Students of the Santa Monica High School wrestling team raise money through donations by washing cars earlier this year. Many of the sports teams use bake sales, car washes and other services to raise money for equipment and other needs. (photo by Brandon Wise)


SAMOHI — The good news is that Santa Monica High School’s sports funding for the upcoming school year is unchanged from last year’s numbers. The not-so-good news is that there wasn’t much to cut from to begin with.

For the second year, Samohi received $54,000 for transportation and $19,000 for safety from the Santa Monica-Malibu Unified School District, a number that Principal Hugo Pedroza said doesn’t come close to covering the cost for the Vikings’ dozens of individual teams.
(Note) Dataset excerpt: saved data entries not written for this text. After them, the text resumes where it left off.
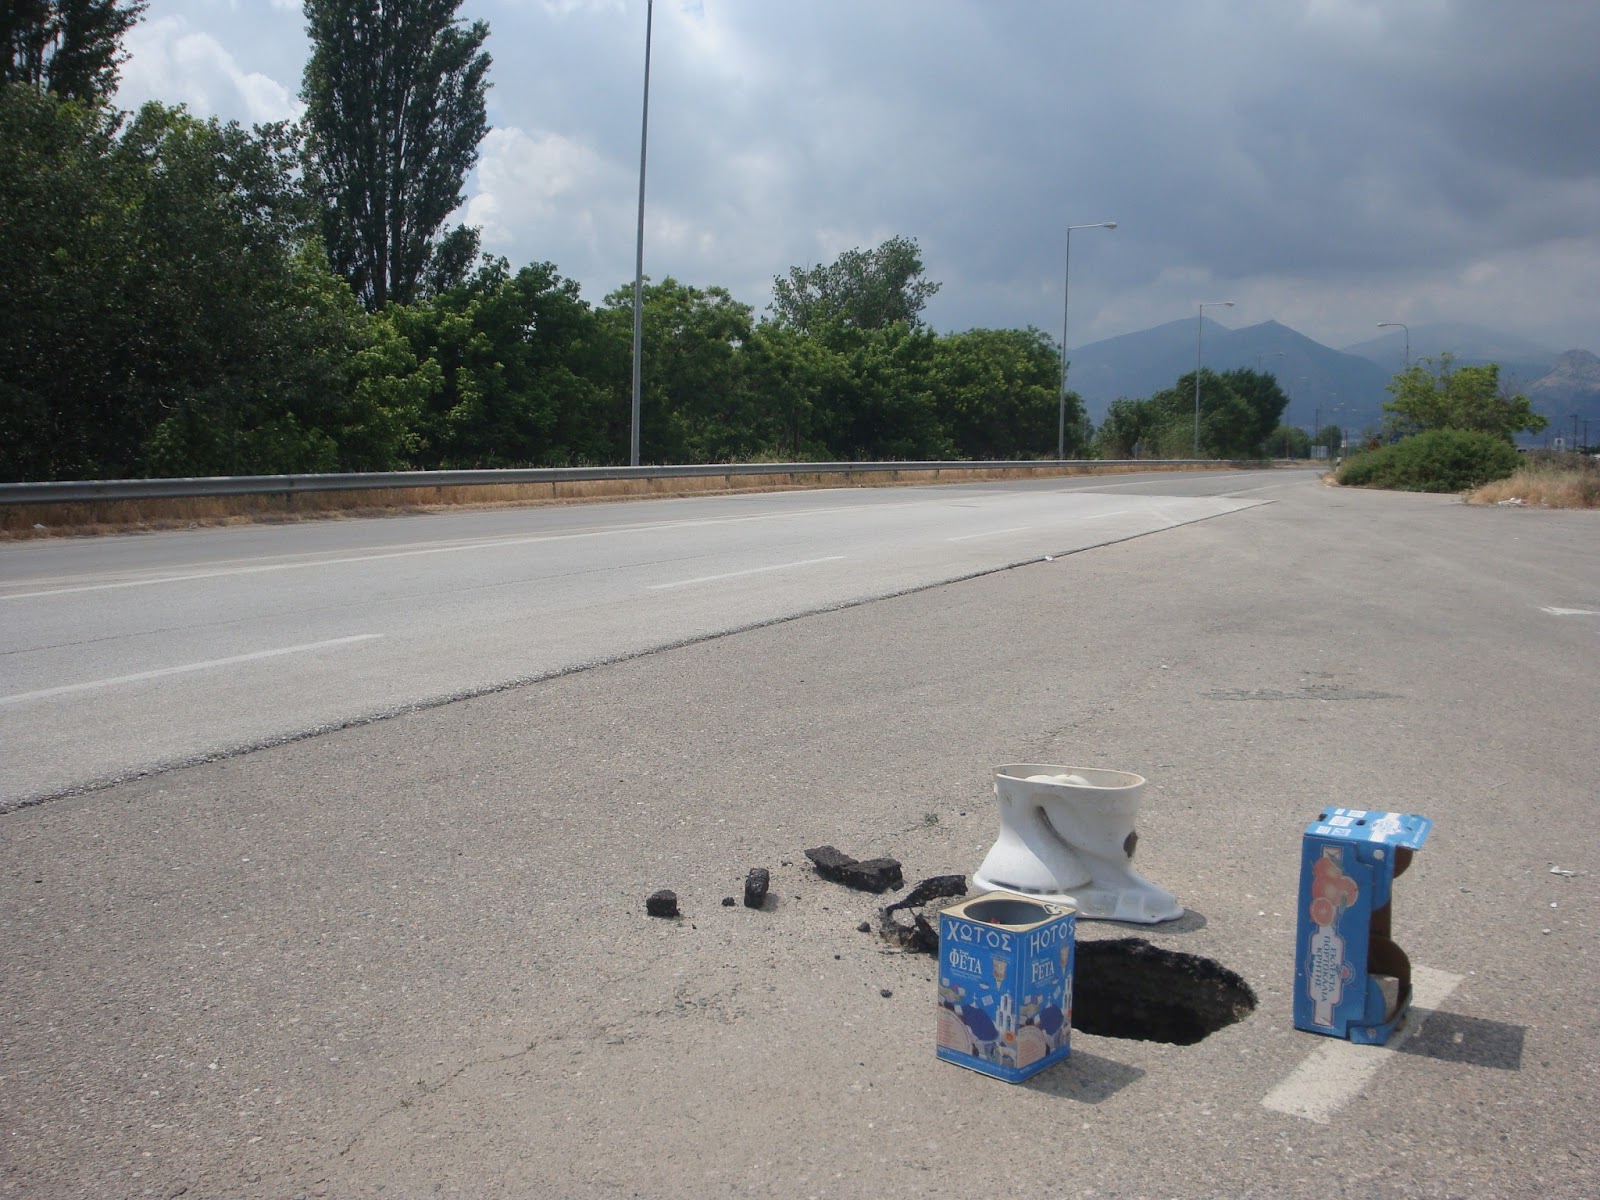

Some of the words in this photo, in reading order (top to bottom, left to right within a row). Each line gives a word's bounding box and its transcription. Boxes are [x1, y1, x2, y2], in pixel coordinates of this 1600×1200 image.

[947, 921, 1012, 952] ΧΩΤΟΣ
[1030, 919, 1074, 957] HOTOS
[949, 948, 982, 975] ΦΕΤΑ
[1032, 961, 1055, 983] FETA
[1314, 947, 1323, 988] ΚΡΗΤΗΣ
[1321, 936, 1331, 1002] ΠΟΡΤΟΚΑΛΙΑ
“The money [from the district] is a nice token,” Pedroza said. “But, sports takes resources to make it happen.”

Pedroza added that funding for athletics hasn’t been paid for by the district for decades. Instead, the school has to rely on fundraising, fees and ticket sales to pay the costs for uniforms and even facility improvements. This comes down to booster clubs, student-athletes and their families.

One of the more colorful efforts was put on by the Santa Monica Diamond Club, Samohi’s baseball boosters. Held in November of 2009, the tournament featured a number of celebrity players and ultimately began a fundraising drive that raked in enough money to pay for a major field rehabilitation, the construction of a scorers box behind home plate and new uniforms for the team.
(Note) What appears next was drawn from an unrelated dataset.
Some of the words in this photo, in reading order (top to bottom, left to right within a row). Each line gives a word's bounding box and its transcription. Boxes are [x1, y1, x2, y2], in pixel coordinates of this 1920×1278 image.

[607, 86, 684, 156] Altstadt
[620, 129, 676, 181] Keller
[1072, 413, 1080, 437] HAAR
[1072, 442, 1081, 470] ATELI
Head Coach Sheldon Philip-Guide, who had yet to coach his first game at the time, said that he wanted to draw on the energy from a group of parents who obviously were plugged into the team.

For Daniel Escalera, Samohi’s new athletic director, he’s at ease coming into the job knowing that he has a support network around his program, but is aware that the ongoing budget crisis at the local and state level could mean changes in years to come.

With funding from the district remaining at previous levels, Escalera said that no teams had to be cut this year, a reality for fellow Ocean League member Hawthorne High School. A number of teams at the school have been combined and some sports may be eliminated.

“Right now, we’ll just leave it the way it is,” Escalera said. “At some point in time there will be a need to raise more funds and start to share some of the strategies that have been successful.”

The impacts of limited resources are a reality for all sports, but none more so than football. Traditionally one of the most expensive to maintain, football presents a special challenge to school officials.

Head Coach Travis Clark said that the burden of maintaining a thriving program falls to him. He works closely with the program’s booster club to raise funds to pay for equipment and uniforms and has come to terms with that fact.

“All of that stuff is based on what football raises on its own,” Clark said. “We feel more pressure to raise money on our own. We’re out there hustling and bustling.”